Aim of the exercise:
Without including any pictures, give back all of the data exactly.

Materials provided:
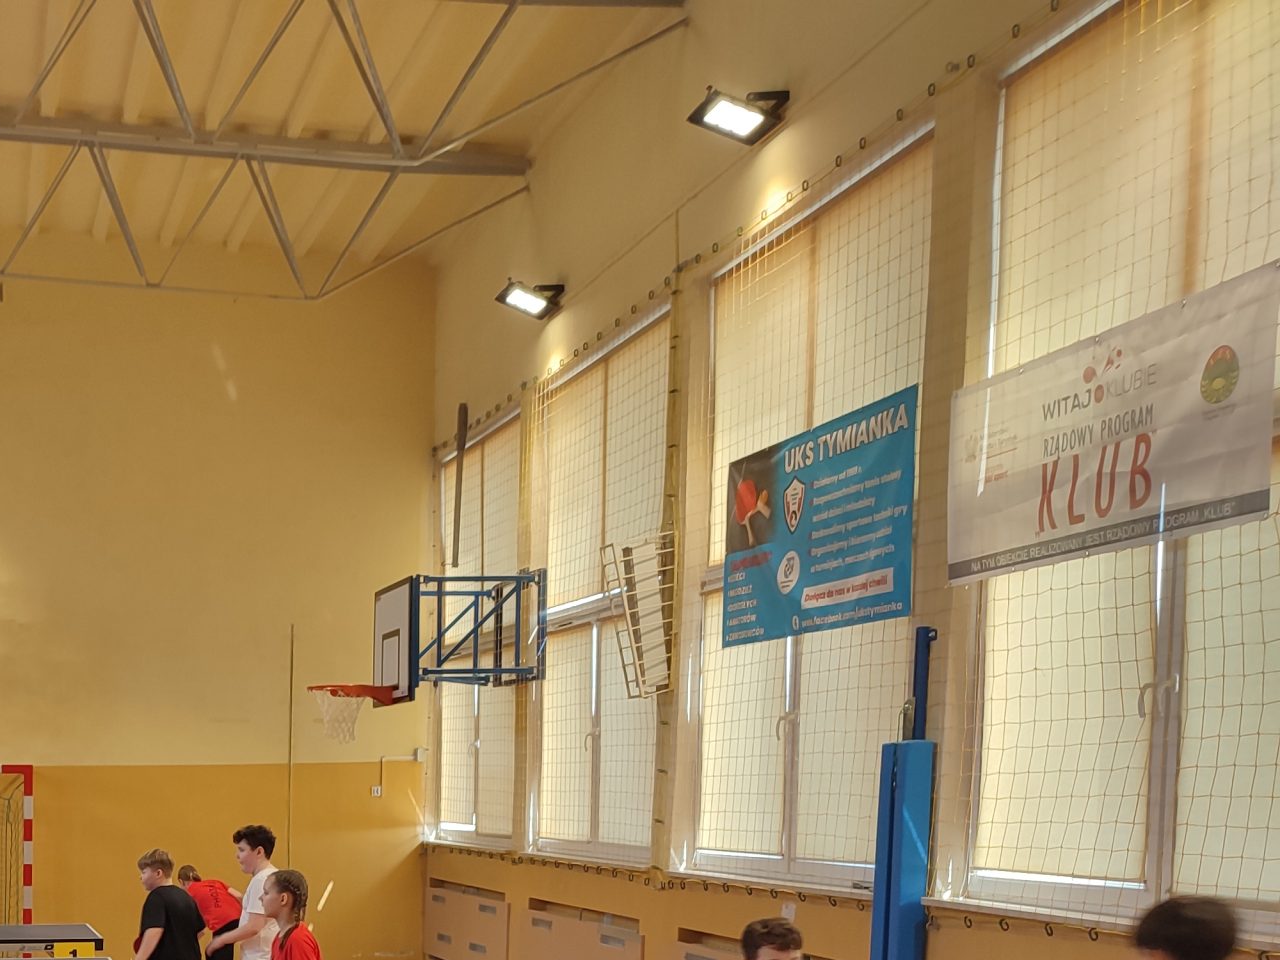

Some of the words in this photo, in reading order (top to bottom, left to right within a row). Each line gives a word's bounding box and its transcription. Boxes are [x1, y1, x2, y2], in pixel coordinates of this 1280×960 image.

[1042, 388, 1092, 422] WITAJ
[1105, 363, 1158, 398] KLUBIE
[784, 440, 814, 474] UKS
[817, 403, 909, 462] TYMIANKA
[1043, 424, 1094, 460] RZĄDOWY
[1100, 403, 1154, 441] PROGRAM
[1153, 509, 1199, 529] POGRAM

Task output:
Some of the words in this photo, in reading order (top to bottom, left to right within a row). Each line gives a word's bounding box and its transcription. Boxes are [x1, y1, x2, y2], in pixel coordinates of this 1280×960 image.

[1042, 388, 1092, 422] WITAJ
[1105, 363, 1158, 398] KLUBIE
[784, 440, 814, 474] UKS
[817, 403, 909, 462] TYMIANKA
[1043, 424, 1094, 460] RZĄDOWY
[1100, 403, 1154, 441] PROGRAM
[1153, 509, 1199, 529] POGRAM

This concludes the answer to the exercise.